(Referring expression grounding data)
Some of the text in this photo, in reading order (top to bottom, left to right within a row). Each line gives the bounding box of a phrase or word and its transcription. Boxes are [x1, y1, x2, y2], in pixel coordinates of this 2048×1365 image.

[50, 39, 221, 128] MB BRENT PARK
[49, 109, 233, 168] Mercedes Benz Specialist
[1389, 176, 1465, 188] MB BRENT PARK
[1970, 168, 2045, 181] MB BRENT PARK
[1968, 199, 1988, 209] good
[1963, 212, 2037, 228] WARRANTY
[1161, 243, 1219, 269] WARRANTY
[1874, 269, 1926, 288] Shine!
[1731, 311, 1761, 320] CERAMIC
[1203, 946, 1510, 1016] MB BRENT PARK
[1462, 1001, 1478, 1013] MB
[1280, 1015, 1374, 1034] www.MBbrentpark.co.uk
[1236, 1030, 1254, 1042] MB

Task item: Write the records out precisely, omitting nothing.

Problem solution:
Some of the text in this photo, in reading order (top to bottom, left to right within a row). Each line gives the bounding box of a phrase or word and its transcription. Boxes are [x1, y1, x2, y2], in pixel coordinates of this 2048×1365 image.

[50, 39, 221, 128] MB BRENT PARK
[49, 109, 233, 168] Mercedes Benz Specialist
[1389, 176, 1465, 188] MB BRENT PARK
[1970, 168, 2045, 181] MB BRENT PARK
[1968, 199, 1988, 209] good
[1963, 212, 2037, 228] WARRANTY
[1161, 243, 1219, 269] WARRANTY
[1874, 269, 1926, 288] Shine!
[1731, 311, 1761, 320] CERAMIC
[1203, 946, 1510, 1016] MB BRENT PARK
[1462, 1001, 1478, 1013] MB
[1280, 1015, 1374, 1034] www.MBbrentpark.co.uk
[1236, 1030, 1254, 1042] MB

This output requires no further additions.